So there is no compact way to say that Objective B is a sub-objective of Objective A?
We would have to have ObjA and ObjB, and then Process A and Process B, then state that:
I will expand on my answer later, sorry if it's not so helpful at this stage
I would avoid objectives, and use processes. We have a well-formed theory of how processes relate to one another using standard relations like part-of, starts-with and so on. This has been tested extensively in ontologies like GO and ENVO. Domain scientists understand how processes connect. AFAIAW there is no corresponding theory for objectives.
I question the use cases for named classes for objectives. If you truly need to represent an objective rather than a process (and are you sure you do?) then use a class expression or at least a named class following a standard DP that uses a process as base. This could be done along the lines Pier proposes in the previous comment, which is 100% sound, but unfortunately comes with a hidden complexity and maintenance cost.
More later...
I question the use cases for named classes for objectives. If you truly need to represent an objective rather than a process (and are you sure you do?) then use a class expression or at least a named class following a standard DP that uses a process as base
In the SDGIO case, we do need objectives/goals/etc as first-class citizens. That is (and has always been) the centre of the whole exercise and its alignments with other strategic goals. The processes will be there too, and likely be more useful in application.

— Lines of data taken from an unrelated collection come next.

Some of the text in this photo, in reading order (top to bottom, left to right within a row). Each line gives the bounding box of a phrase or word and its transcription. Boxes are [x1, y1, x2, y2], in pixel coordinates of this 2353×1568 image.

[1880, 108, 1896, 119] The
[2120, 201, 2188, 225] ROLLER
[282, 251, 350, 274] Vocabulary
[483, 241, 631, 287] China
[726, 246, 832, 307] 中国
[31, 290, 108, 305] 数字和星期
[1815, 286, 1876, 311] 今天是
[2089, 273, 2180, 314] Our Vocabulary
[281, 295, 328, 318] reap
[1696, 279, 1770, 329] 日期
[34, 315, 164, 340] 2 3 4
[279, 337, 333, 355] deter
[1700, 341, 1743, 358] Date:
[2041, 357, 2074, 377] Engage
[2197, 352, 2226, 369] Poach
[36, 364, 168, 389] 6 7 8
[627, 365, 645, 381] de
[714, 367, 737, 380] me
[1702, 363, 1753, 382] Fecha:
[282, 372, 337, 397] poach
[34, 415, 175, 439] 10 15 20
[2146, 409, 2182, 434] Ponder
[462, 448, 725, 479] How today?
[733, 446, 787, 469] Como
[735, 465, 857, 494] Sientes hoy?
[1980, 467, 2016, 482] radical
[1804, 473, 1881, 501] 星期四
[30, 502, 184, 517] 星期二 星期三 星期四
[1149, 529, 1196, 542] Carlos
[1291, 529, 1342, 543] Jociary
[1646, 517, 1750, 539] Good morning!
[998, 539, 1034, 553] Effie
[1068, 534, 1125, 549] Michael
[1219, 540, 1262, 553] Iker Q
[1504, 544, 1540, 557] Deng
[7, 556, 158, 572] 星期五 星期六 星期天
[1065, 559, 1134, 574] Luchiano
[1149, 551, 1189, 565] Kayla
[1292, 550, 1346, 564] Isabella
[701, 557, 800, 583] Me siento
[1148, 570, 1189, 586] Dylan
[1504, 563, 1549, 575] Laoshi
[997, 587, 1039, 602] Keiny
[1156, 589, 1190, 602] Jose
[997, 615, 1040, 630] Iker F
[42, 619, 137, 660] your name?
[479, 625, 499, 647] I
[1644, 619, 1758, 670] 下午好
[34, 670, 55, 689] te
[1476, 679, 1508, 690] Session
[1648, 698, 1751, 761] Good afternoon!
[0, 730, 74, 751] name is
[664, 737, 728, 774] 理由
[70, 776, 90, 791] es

Once we get the CGIAR use case in the game, we can see if there's a pattern to distill and I'm all for using that moving forward. Right now, we're not sure what the shape will be.
Related to #213 and https://github.com/obi-ontology/obi/issues/988
Over at SDGIO, we'll be dealing with a lot of objectives that have sub-objectives nested within them.
In the UN Sustainable Development Goal space, we have Targets nested within Goals (both types of objective specifications).
In the CGIAR Big Data space, system level outcomes (SLOs) have, as sub-objectives, intermediate development outcomes (IDOs) which have sub-outcomes (sub-IDOs). These too are all kinds of objective specifications: https://github.com/SDG-InterfaceOntology/sdgio/issues/155
@zhengj2007 @cmungall @johnwjudkins Is there a best practice for what sort of relation or relation pattern to use here? I'm guessing it's not
part of
.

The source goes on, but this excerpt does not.